(Collected data)
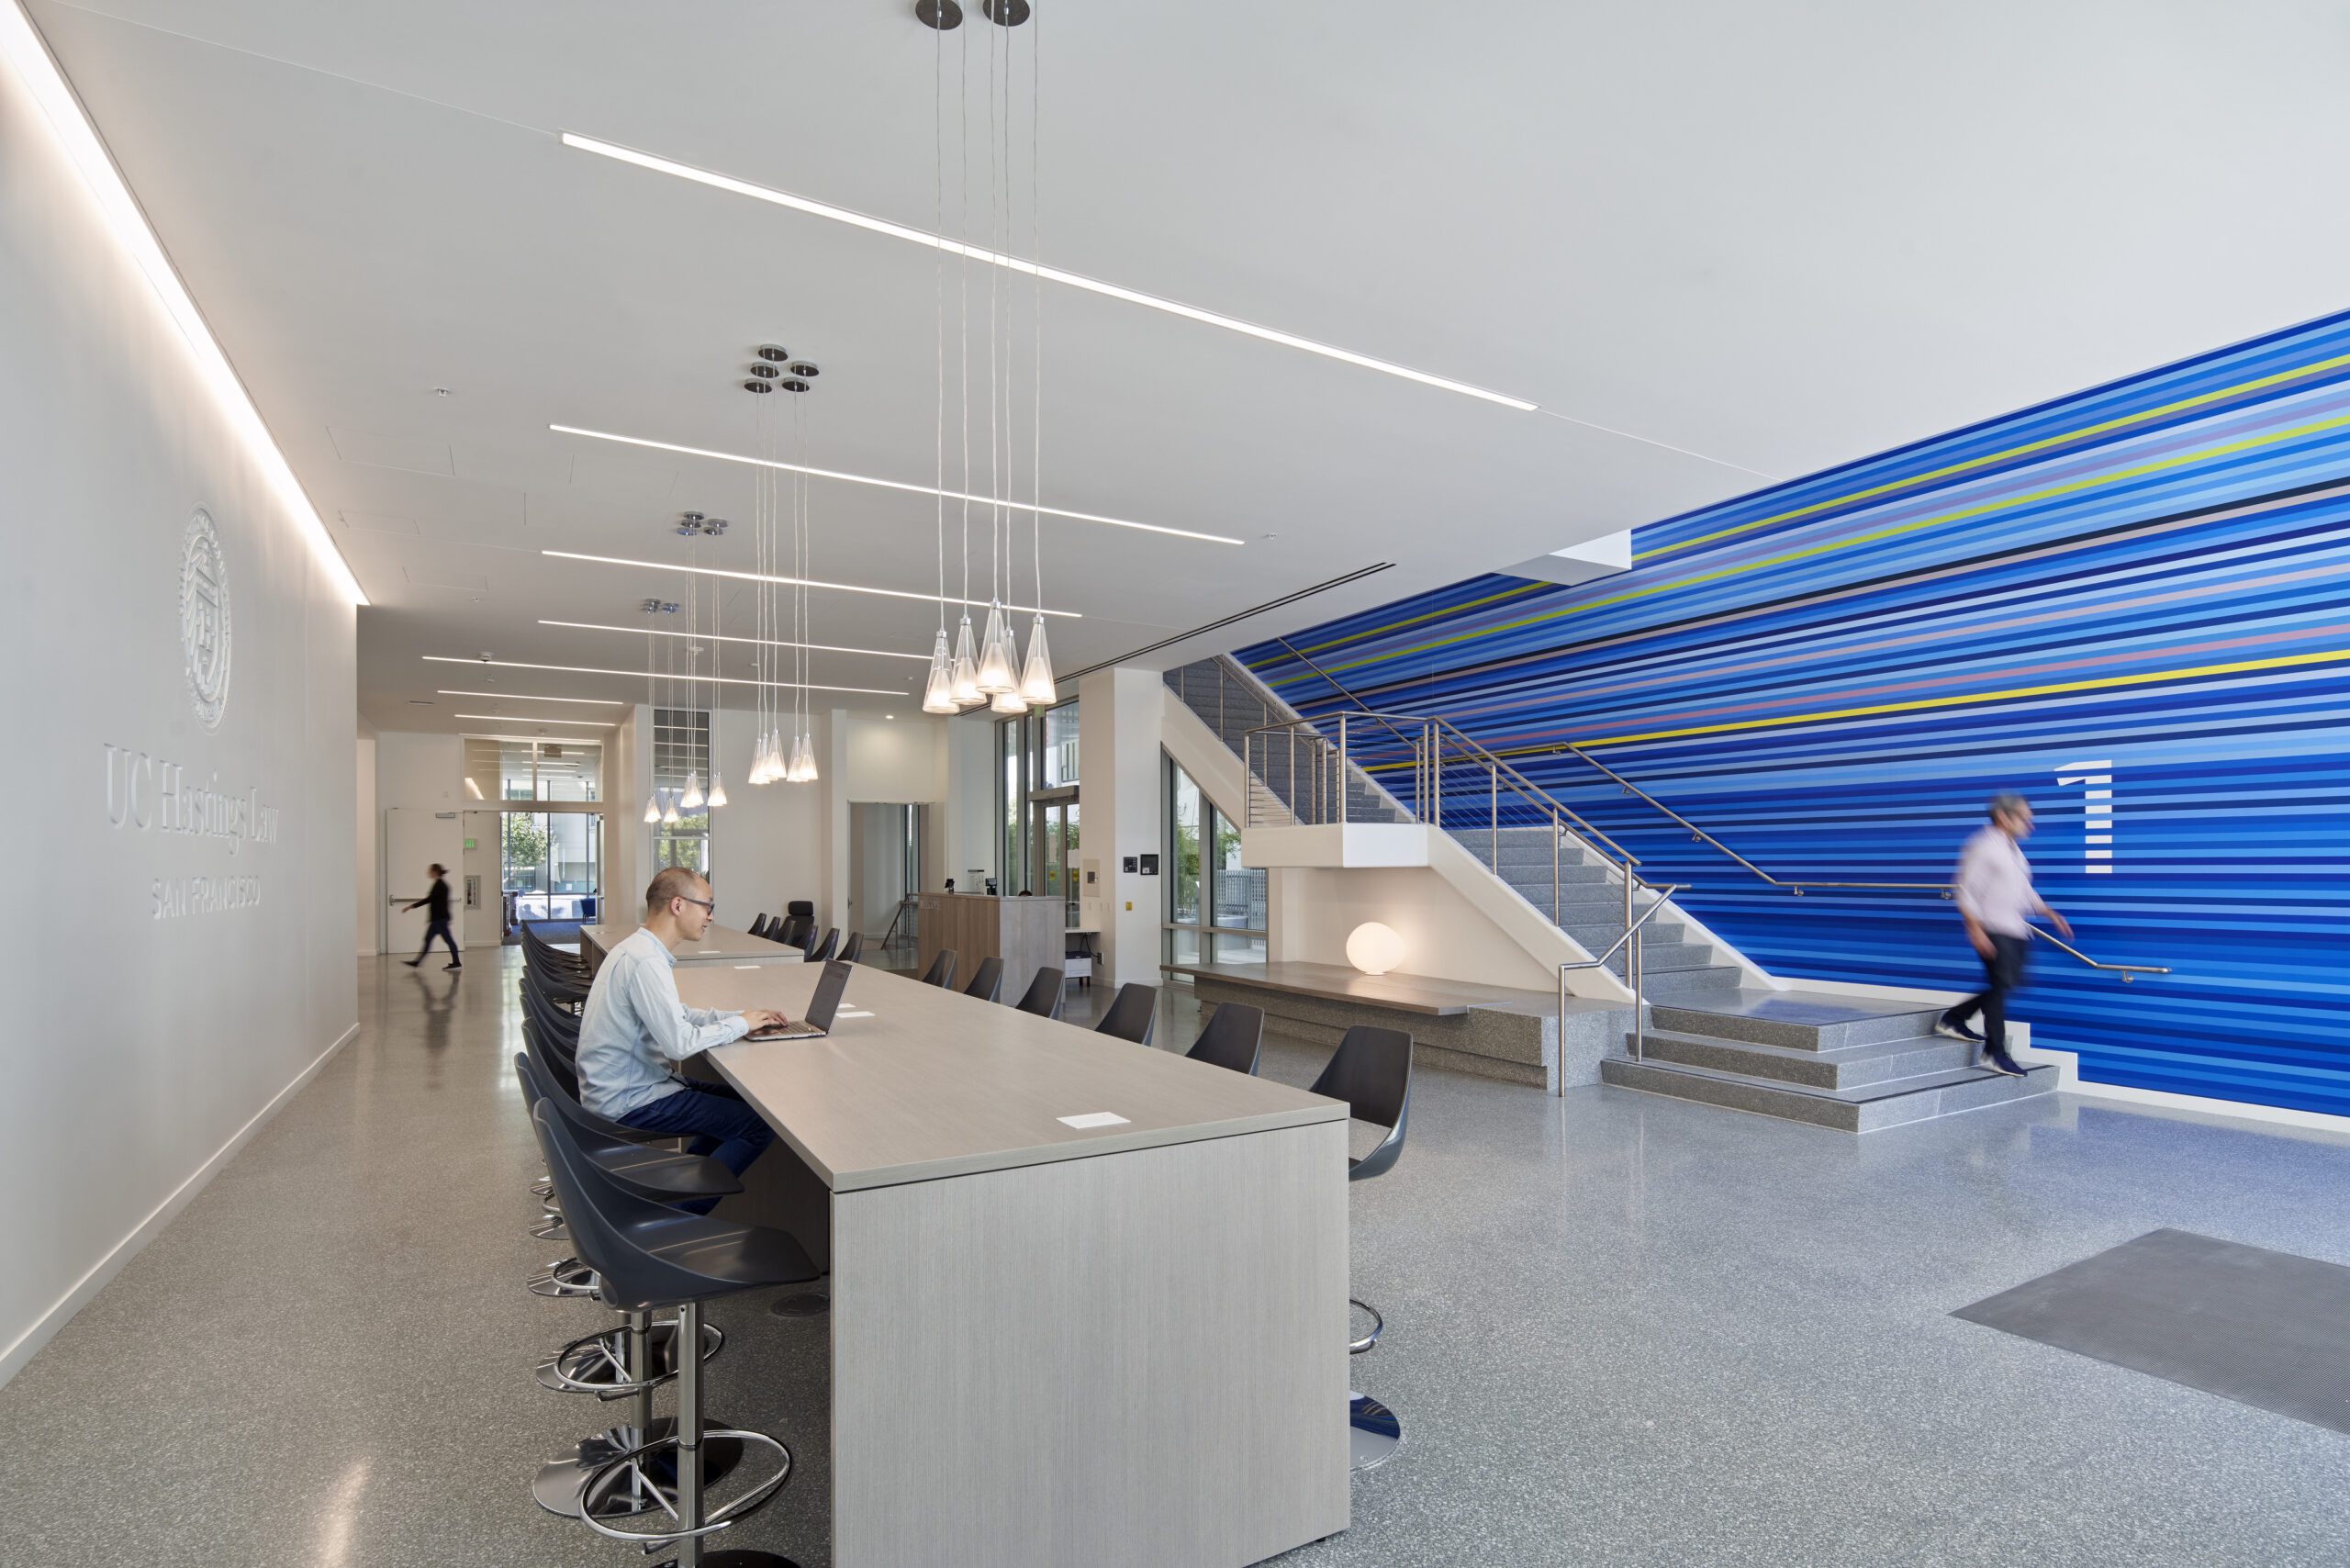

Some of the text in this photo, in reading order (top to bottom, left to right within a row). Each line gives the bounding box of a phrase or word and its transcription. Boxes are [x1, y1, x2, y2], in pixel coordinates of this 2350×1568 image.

[104, 743, 280, 857] UC Hastings Law
[2054, 759, 2112, 873] 1
[152, 876, 261, 919] SAN FRANCISCO
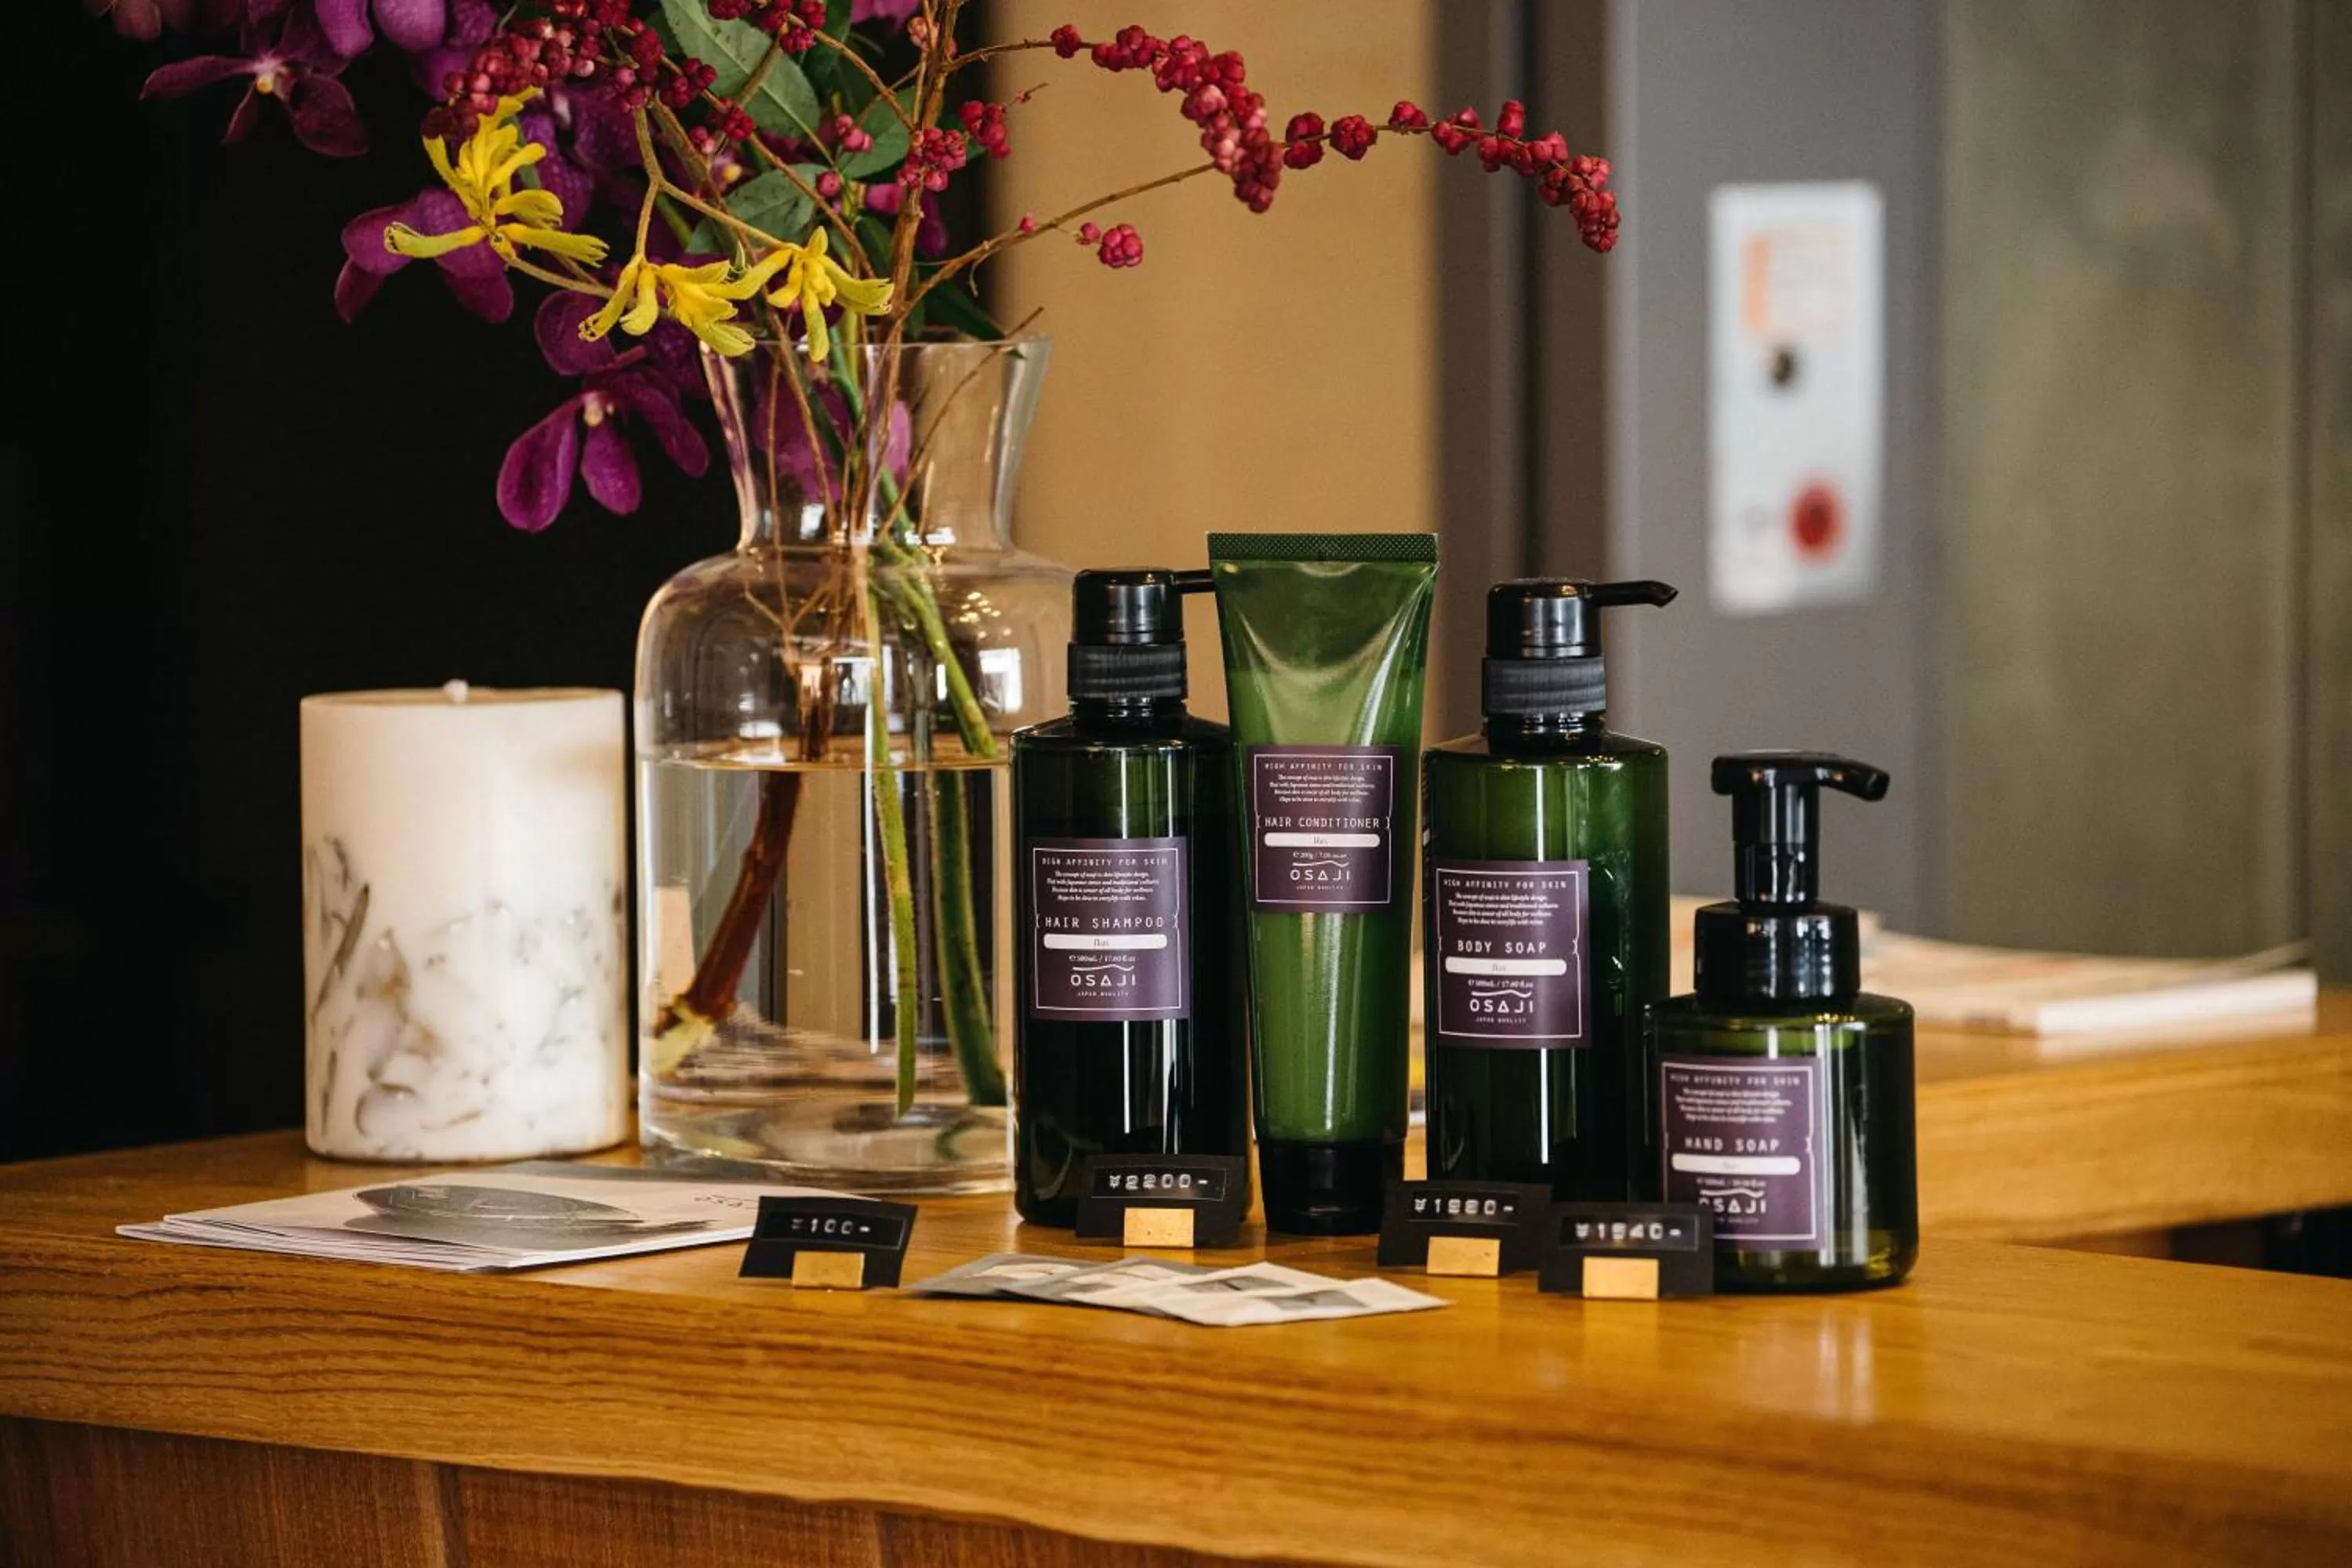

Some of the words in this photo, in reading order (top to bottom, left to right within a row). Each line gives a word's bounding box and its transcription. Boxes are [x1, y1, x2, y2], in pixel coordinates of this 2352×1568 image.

[Work to be completed]
With the pictures removed, print the entries above exactly.

[Result]
Some of the text in this photo, in reading order (top to bottom, left to right within a row). Each line gives the bounding box of a phrase or word and its transcription. Boxes are [x1, y1, x2, y2], in pixel coordinates of this 2350×1568 image.

[104, 743, 280, 857] UC Hastings Law
[2054, 759, 2112, 873] 1
[152, 876, 261, 919] SAN FRANCISCO

Some of the words in this photo, in reading order (top to bottom, left to right within a row). Each line gives a word's bounding box and its transcription. Boxes are [x1, y1, x2, y2], in pixel coordinates of this 2352×1568 image.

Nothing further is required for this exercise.